(EXTRACTED DATA begins)
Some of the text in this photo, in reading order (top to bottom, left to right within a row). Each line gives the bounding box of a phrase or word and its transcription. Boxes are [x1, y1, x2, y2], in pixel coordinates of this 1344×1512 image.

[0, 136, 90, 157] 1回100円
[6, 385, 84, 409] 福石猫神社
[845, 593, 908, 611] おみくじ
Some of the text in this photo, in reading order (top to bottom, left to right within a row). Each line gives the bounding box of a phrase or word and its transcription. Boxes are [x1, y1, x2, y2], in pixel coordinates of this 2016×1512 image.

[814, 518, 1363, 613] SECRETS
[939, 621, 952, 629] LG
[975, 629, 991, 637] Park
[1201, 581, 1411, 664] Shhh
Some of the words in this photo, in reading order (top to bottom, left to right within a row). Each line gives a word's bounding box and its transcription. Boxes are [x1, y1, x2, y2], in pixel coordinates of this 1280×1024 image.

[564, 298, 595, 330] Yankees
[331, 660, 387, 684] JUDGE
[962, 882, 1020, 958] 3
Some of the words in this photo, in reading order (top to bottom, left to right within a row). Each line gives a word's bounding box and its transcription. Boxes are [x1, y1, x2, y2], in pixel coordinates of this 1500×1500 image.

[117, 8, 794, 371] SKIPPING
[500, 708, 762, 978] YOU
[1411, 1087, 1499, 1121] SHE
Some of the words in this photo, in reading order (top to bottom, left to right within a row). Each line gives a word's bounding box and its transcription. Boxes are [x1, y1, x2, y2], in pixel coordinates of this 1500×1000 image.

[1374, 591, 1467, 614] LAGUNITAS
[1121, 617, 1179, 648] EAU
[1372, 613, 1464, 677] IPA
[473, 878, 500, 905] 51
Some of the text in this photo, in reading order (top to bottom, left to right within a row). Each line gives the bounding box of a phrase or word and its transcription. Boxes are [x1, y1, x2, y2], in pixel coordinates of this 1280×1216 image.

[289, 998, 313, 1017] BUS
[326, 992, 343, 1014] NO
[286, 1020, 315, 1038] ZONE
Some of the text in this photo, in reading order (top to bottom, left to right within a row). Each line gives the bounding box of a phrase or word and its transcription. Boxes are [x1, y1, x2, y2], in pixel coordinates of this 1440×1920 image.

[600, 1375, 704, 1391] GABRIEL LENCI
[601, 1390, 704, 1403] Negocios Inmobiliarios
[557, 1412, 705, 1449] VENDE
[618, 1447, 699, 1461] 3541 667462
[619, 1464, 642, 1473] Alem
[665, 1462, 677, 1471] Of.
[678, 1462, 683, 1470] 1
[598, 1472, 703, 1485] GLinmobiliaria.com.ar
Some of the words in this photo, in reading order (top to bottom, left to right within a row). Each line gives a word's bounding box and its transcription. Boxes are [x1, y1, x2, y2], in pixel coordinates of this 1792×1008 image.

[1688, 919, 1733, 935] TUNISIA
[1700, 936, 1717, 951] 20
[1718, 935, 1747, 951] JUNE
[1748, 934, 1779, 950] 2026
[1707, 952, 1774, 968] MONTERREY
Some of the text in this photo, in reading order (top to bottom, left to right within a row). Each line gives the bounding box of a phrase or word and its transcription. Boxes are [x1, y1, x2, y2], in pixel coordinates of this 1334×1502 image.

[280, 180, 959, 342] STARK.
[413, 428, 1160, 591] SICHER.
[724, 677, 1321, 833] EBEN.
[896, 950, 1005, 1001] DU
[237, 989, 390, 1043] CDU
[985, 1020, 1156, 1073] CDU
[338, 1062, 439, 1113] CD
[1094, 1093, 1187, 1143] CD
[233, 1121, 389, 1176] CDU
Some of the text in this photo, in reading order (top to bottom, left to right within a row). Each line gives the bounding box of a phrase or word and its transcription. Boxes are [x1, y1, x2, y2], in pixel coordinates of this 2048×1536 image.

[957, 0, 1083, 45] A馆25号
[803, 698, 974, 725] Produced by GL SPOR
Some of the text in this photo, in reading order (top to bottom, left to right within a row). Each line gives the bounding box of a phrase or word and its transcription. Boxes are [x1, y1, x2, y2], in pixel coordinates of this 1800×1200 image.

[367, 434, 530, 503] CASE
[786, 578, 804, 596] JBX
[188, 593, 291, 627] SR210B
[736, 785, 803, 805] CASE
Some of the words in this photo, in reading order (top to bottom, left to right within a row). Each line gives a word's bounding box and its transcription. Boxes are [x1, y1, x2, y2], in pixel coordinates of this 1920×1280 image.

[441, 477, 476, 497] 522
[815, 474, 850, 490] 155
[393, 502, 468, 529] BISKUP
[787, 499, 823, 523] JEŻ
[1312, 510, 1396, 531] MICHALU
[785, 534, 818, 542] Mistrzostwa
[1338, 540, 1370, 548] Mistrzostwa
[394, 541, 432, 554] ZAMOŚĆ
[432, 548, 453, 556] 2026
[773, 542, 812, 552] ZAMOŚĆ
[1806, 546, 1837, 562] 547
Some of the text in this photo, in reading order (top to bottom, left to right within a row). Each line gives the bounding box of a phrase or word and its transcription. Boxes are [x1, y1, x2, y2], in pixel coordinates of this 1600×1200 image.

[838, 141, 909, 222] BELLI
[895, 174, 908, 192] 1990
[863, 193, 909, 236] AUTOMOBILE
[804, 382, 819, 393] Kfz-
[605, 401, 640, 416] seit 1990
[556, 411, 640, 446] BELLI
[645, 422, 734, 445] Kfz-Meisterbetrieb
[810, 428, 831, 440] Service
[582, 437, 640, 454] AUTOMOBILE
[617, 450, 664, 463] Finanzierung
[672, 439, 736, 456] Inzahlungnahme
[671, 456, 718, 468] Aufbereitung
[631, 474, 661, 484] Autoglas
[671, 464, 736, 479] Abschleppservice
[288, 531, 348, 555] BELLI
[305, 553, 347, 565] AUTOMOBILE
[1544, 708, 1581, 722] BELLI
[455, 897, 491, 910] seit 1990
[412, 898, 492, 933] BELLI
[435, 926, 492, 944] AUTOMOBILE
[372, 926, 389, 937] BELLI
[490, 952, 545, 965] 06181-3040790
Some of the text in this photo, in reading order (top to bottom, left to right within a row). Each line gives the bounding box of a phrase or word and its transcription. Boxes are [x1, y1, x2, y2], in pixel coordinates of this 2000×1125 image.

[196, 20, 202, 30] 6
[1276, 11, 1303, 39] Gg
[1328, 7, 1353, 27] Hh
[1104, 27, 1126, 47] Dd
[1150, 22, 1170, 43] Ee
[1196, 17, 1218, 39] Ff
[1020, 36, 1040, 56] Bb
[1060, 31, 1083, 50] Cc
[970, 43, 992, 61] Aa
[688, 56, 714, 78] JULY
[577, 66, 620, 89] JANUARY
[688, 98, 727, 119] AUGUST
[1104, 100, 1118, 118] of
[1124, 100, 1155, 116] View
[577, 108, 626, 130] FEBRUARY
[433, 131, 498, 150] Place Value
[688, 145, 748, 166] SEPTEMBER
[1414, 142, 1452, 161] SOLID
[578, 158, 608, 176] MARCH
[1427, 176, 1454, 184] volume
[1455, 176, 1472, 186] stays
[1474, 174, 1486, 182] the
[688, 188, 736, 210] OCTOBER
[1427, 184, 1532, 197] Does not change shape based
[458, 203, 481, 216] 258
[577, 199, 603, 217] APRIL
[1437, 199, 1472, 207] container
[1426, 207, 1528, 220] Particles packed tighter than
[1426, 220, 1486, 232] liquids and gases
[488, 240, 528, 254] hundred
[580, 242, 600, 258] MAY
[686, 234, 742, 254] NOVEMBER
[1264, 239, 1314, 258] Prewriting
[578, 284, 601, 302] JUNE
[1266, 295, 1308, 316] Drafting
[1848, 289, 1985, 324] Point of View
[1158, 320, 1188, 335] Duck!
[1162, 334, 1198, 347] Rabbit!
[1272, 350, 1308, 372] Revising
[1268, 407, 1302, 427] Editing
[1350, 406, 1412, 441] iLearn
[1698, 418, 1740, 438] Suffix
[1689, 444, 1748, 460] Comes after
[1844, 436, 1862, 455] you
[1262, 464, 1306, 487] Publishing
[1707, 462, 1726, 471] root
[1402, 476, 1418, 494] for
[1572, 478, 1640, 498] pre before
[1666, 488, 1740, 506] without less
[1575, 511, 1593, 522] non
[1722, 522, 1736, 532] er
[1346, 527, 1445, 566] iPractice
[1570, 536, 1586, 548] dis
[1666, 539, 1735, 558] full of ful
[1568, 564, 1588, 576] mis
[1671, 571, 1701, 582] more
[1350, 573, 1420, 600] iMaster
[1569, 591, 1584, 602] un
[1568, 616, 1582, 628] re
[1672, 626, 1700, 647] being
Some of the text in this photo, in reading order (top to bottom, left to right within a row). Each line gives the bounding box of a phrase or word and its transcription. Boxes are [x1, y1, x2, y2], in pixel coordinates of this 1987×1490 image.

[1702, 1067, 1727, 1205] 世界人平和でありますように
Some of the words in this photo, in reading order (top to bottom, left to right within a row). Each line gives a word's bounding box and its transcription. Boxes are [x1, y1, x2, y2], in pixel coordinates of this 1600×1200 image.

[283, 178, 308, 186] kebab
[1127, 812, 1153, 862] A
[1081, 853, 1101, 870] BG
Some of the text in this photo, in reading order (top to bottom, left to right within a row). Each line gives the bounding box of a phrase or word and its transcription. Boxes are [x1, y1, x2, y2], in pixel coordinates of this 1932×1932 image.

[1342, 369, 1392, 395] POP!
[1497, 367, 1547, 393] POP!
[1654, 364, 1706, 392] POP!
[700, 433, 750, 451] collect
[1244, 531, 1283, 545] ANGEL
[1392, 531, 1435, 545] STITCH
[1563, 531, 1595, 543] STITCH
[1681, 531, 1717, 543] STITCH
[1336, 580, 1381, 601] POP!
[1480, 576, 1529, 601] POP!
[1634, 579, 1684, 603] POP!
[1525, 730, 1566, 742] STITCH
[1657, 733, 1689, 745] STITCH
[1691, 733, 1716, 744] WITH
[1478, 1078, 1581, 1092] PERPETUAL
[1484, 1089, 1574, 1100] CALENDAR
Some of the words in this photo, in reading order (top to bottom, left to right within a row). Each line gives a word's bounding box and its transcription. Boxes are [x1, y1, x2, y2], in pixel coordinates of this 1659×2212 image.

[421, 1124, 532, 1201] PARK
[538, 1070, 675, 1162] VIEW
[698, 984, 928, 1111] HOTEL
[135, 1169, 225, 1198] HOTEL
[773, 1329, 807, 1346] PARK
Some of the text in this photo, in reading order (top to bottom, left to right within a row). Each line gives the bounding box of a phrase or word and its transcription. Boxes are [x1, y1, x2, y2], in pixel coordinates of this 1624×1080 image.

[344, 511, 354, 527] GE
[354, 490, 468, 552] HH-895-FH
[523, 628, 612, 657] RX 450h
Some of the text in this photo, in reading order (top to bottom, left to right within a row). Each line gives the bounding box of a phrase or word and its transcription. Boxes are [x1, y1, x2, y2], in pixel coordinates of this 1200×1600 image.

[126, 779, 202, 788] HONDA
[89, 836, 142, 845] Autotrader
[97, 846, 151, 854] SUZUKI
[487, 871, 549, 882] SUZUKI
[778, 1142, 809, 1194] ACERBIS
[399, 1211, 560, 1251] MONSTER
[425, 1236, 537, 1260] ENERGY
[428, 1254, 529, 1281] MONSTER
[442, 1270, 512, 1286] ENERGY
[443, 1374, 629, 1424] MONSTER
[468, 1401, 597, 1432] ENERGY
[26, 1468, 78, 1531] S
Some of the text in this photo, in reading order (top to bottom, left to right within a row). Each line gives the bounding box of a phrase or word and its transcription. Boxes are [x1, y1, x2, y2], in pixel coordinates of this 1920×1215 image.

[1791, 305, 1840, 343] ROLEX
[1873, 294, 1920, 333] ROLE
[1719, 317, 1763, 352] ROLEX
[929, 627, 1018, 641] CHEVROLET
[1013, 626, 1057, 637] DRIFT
(EXTRACTED DATA ends)
### [TASK INSTRUCTIONS]
From the line that contains "this 1200×1600 image." through the end of the records above, print every line exactly and nothing else.

### [YOUR SOLUTION]
Some of the text in this photo, in reading order (top to bottom, left to right within a row). Each line gives the bounding box of a phrase or word and its transcription. Boxes are [x1, y1, x2, y2], in pixel coordinates of this 1200×1600 image.

[126, 779, 202, 788] HONDA
[89, 836, 142, 845] Autotrader
[97, 846, 151, 854] SUZUKI
[487, 871, 549, 882] SUZUKI
[778, 1142, 809, 1194] ACERBIS
[399, 1211, 560, 1251] MONSTER
[425, 1236, 537, 1260] ENERGY
[428, 1254, 529, 1281] MONSTER
[442, 1270, 512, 1286] ENERGY
[443, 1374, 629, 1424] MONSTER
[468, 1401, 597, 1432] ENERGY
[26, 1468, 78, 1531] S
Some of the text in this photo, in reading order (top to bottom, left to right within a row). Each line gives the bounding box of a phrase or word and its transcription. Boxes are [x1, y1, x2, y2], in pixel coordinates of this 1920×1215 image.

[1791, 305, 1840, 343] ROLEX
[1873, 294, 1920, 333] ROLE
[1719, 317, 1763, 352] ROLEX
[929, 627, 1018, 641] CHEVROLET
[1013, 626, 1057, 637] DRIFT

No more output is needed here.